(Phrase grounding data)
------

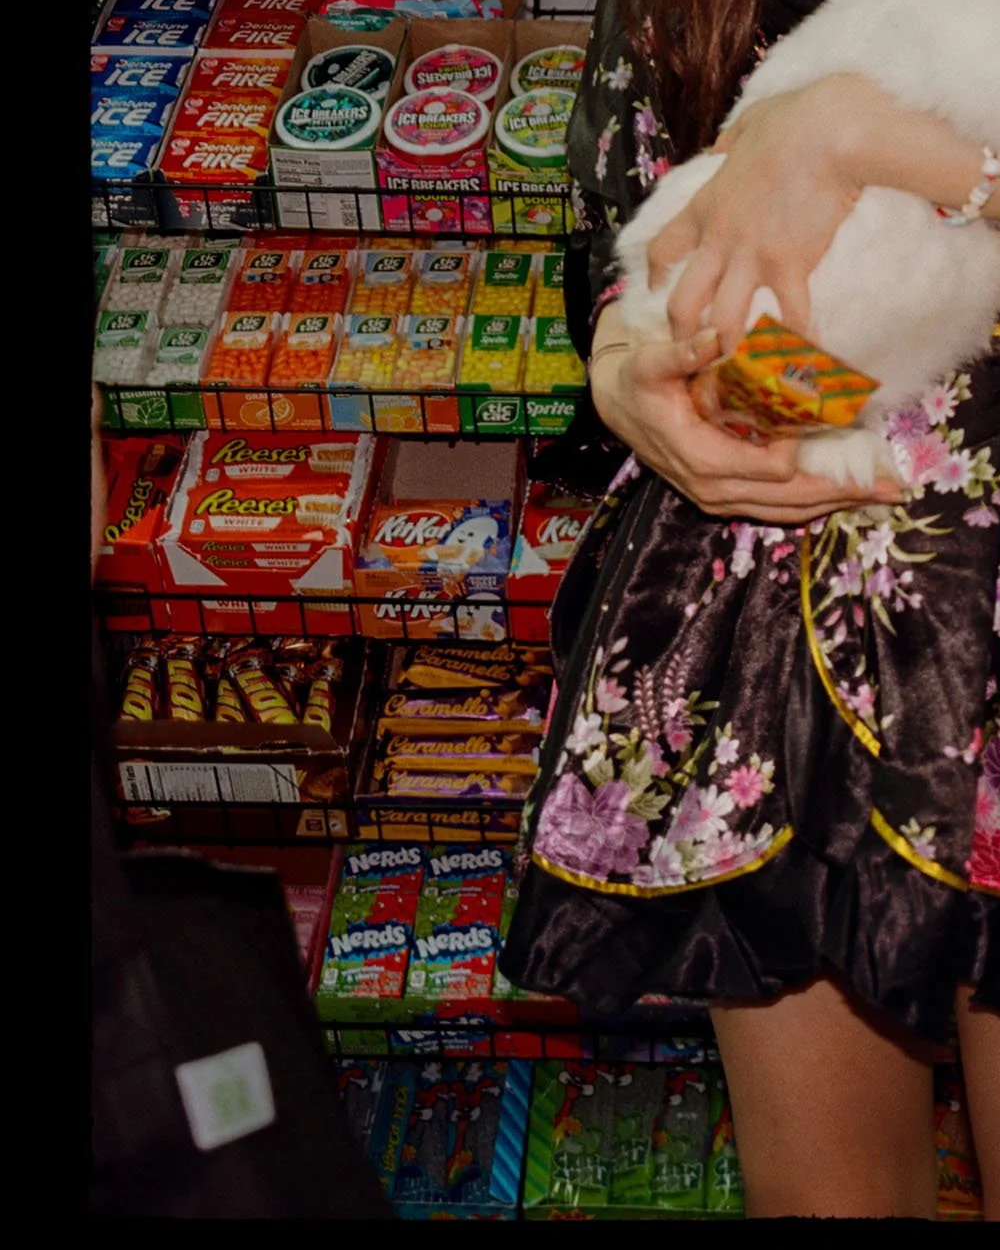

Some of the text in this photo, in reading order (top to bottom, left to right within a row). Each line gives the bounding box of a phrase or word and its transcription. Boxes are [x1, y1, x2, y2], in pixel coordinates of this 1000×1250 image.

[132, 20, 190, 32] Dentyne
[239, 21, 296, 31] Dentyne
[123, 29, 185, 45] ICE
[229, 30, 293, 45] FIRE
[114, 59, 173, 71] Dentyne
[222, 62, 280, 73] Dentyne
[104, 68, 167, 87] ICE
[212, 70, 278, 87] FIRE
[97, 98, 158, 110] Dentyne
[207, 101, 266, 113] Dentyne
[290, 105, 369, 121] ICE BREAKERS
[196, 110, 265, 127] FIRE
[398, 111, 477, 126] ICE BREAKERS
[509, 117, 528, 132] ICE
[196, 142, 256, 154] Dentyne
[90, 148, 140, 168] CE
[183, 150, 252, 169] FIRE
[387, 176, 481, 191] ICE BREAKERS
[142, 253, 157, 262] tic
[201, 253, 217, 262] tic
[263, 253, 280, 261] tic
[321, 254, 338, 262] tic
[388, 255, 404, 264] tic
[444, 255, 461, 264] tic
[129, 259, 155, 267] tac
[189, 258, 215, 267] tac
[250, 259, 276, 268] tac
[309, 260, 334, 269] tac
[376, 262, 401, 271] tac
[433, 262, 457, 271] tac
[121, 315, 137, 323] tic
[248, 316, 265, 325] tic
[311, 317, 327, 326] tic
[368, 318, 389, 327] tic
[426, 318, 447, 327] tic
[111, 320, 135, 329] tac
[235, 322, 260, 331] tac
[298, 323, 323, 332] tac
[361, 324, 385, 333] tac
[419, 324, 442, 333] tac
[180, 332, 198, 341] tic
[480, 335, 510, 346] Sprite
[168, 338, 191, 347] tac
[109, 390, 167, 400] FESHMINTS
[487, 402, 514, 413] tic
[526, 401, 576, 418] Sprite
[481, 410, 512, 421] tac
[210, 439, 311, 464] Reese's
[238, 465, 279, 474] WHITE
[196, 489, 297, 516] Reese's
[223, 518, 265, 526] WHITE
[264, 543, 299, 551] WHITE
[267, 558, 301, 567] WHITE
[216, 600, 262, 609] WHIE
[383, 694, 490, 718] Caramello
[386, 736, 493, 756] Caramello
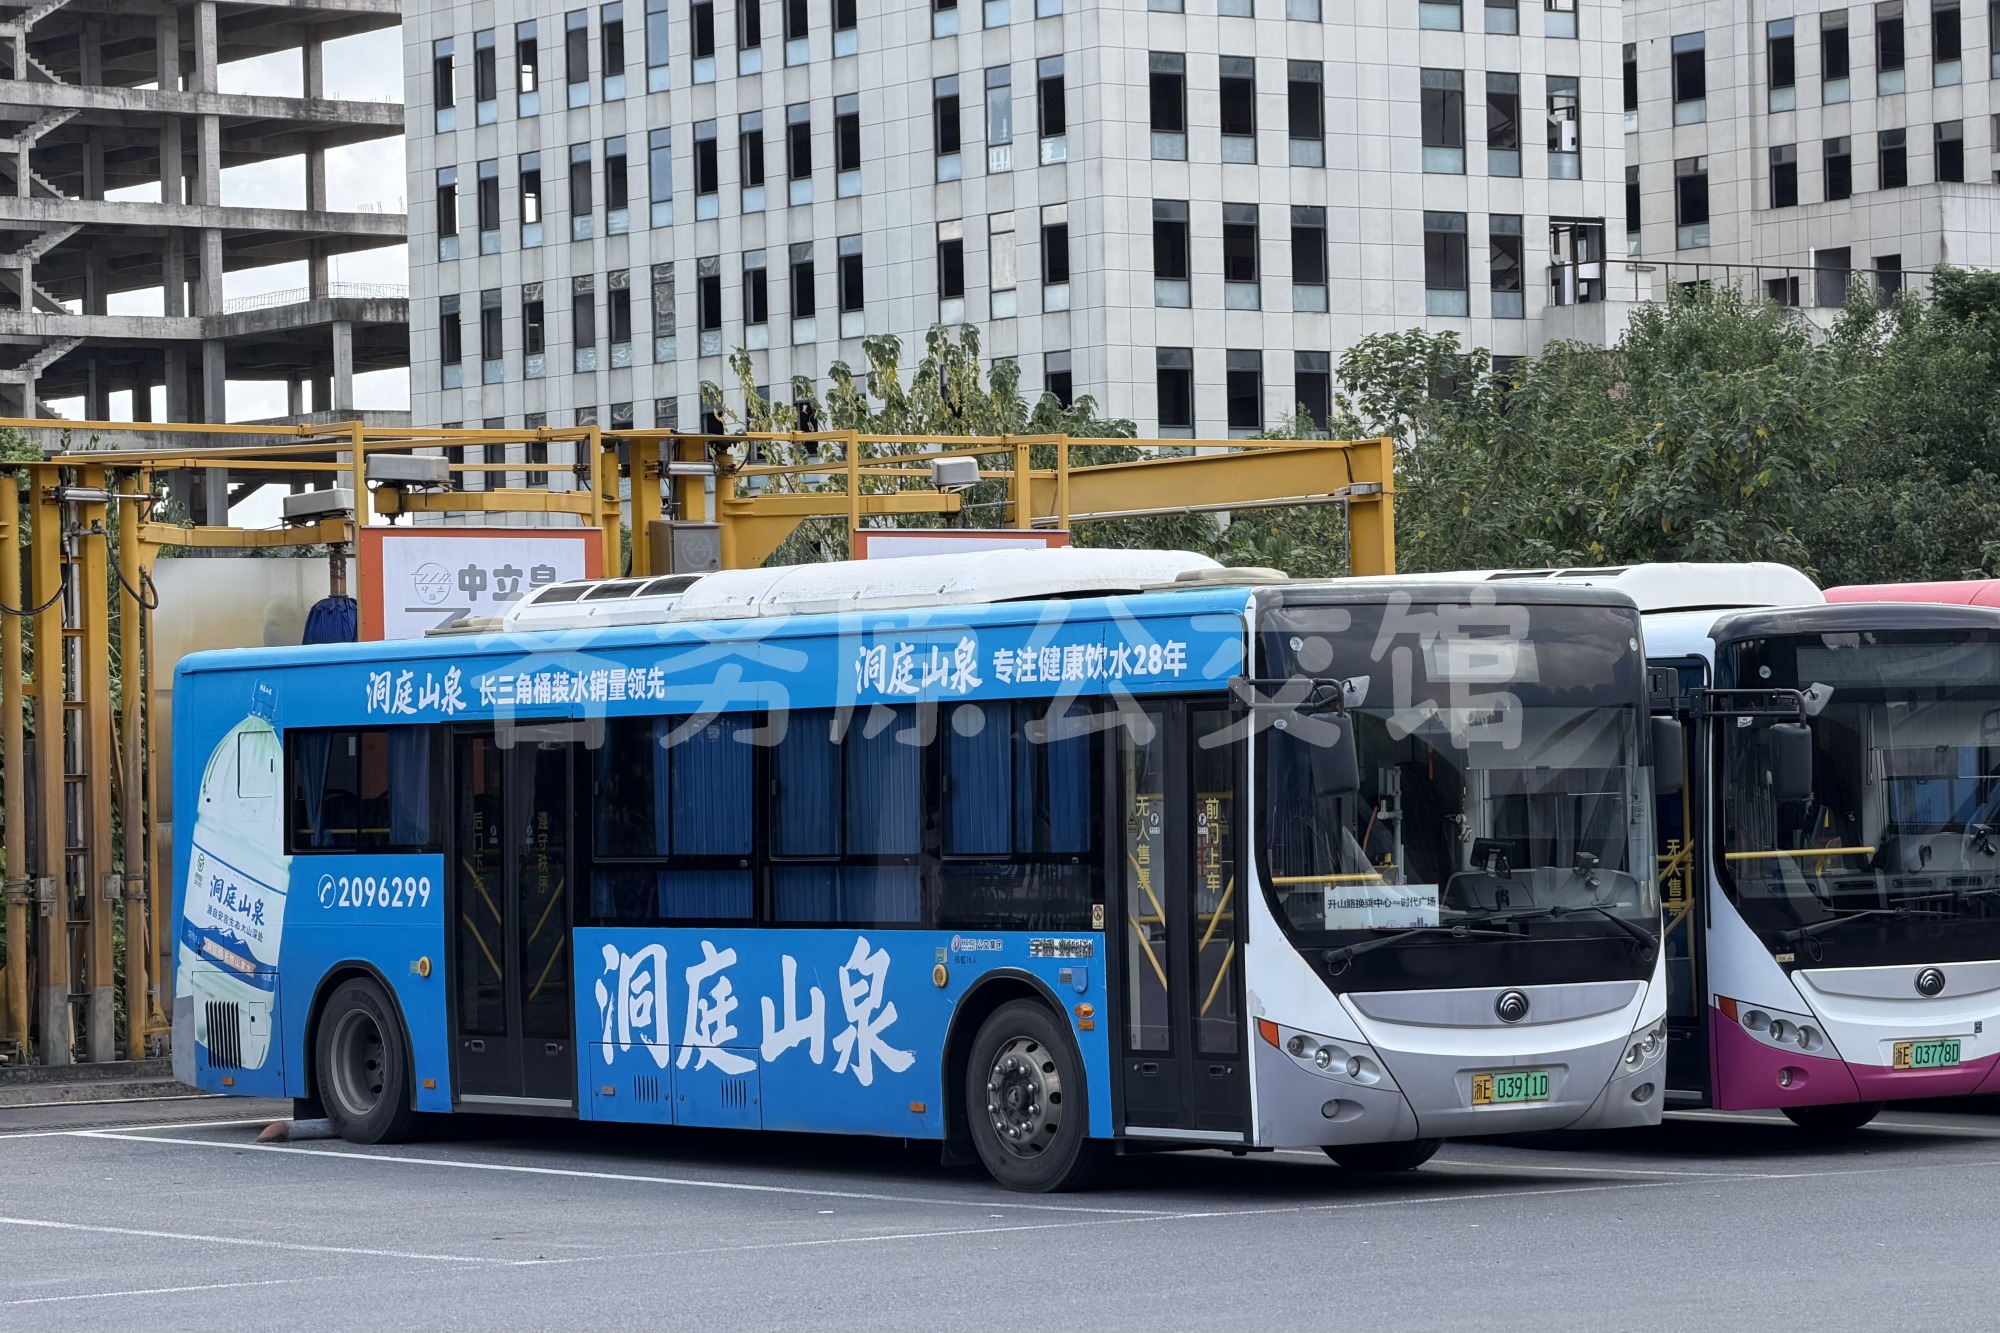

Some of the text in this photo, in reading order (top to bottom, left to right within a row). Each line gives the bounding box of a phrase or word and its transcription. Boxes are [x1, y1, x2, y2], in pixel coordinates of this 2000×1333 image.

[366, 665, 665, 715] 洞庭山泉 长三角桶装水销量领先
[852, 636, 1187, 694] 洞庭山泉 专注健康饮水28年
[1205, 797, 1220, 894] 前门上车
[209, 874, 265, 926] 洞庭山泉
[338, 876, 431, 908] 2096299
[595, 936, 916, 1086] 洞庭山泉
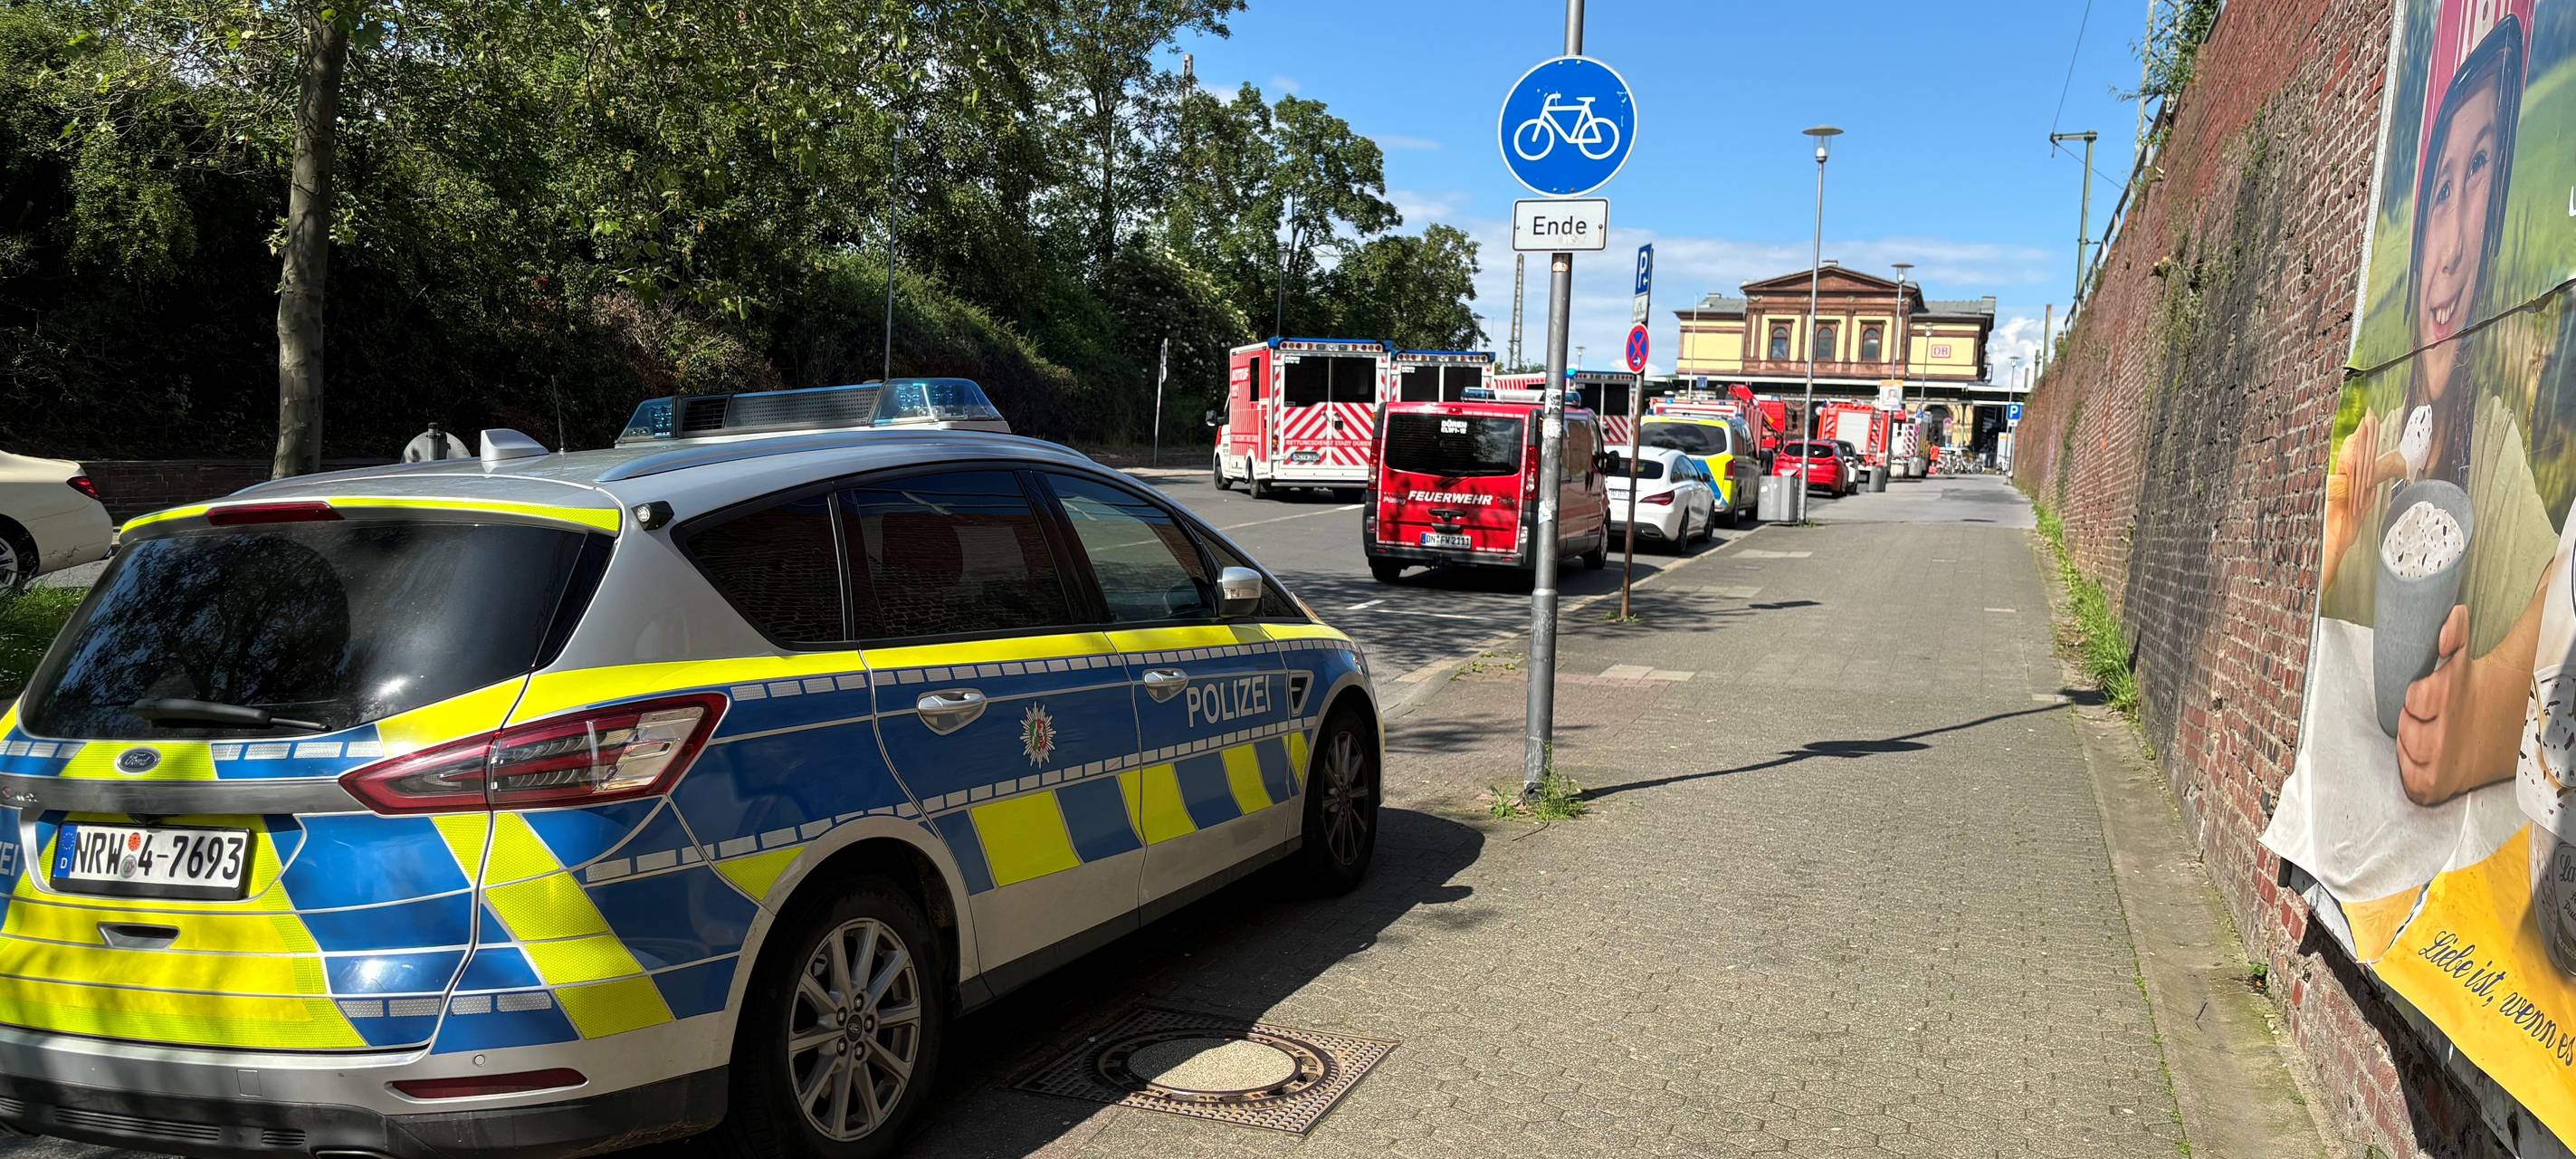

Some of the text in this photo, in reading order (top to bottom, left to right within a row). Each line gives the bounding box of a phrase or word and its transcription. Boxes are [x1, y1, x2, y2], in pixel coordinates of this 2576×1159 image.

------

*YOUR GOAL:*
Retype all of the entries exactly as written, leaving out any images.

*ANSWER TO THIS PROBLEM:*
Some of the text in this photo, in reading order (top to bottom, left to right within a row). Each line gives the bounding box of a phrase or word and its transcription. Boxes are [x1, y1, x2, y2], in pixel coordinates of this 1000×1250 image.

[132, 20, 190, 32] Dentyne
[239, 21, 296, 31] Dentyne
[123, 29, 185, 45] ICE
[229, 30, 293, 45] FIRE
[114, 59, 173, 71] Dentyne
[222, 62, 280, 73] Dentyne
[104, 68, 167, 87] ICE
[212, 70, 278, 87] FIRE
[97, 98, 158, 110] Dentyne
[207, 101, 266, 113] Dentyne
[290, 105, 369, 121] ICE BREAKERS
[196, 110, 265, 127] FIRE
[398, 111, 477, 126] ICE BREAKERS
[509, 117, 528, 132] ICE
[196, 142, 256, 154] Dentyne
[90, 148, 140, 168] CE
[183, 150, 252, 169] FIRE
[387, 176, 481, 191] ICE BREAKERS
[142, 253, 157, 262] tic
[201, 253, 217, 262] tic
[263, 253, 280, 261] tic
[321, 254, 338, 262] tic
[388, 255, 404, 264] tic
[444, 255, 461, 264] tic
[129, 259, 155, 267] tac
[189, 258, 215, 267] tac
[250, 259, 276, 268] tac
[309, 260, 334, 269] tac
[376, 262, 401, 271] tac
[433, 262, 457, 271] tac
[121, 315, 137, 323] tic
[248, 316, 265, 325] tic
[311, 317, 327, 326] tic
[368, 318, 389, 327] tic
[426, 318, 447, 327] tic
[111, 320, 135, 329] tac
[235, 322, 260, 331] tac
[298, 323, 323, 332] tac
[361, 324, 385, 333] tac
[419, 324, 442, 333] tac
[180, 332, 198, 341] tic
[480, 335, 510, 346] Sprite
[168, 338, 191, 347] tac
[109, 390, 167, 400] FESHMINTS
[487, 402, 514, 413] tic
[526, 401, 576, 418] Sprite
[481, 410, 512, 421] tac
[210, 439, 311, 464] Reese's
[238, 465, 279, 474] WHITE
[196, 489, 297, 516] Reese's
[223, 518, 265, 526] WHITE
[264, 543, 299, 551] WHITE
[267, 558, 301, 567] WHITE
[216, 600, 262, 609] WHIE
[383, 694, 490, 718] Caramello
[386, 736, 493, 756] Caramello

Some of the text in this photo, in reading order (top to bottom, left to right within a row). Each line gives the bounding box of a phrase or word and its transcription. Boxes are [x1, y1, x2, y2], in pixel coordinates of this 2000×1333 image.

[366, 665, 665, 715] 洞庭山泉 长三角桶装水销量领先
[852, 636, 1187, 694] 洞庭山泉 专注健康饮水28年
[1205, 797, 1220, 894] 前门上车
[209, 874, 265, 926] 洞庭山泉
[338, 876, 431, 908] 2096299
[595, 936, 916, 1086] 洞庭山泉

Some of the text in this photo, in reading order (top to bottom, left to right within a row). Each line gives the bounding box of a phrase or word and its transcription. Boxes are [x1, y1, x2, y2], in pixel coordinates of this 2576×1159 image.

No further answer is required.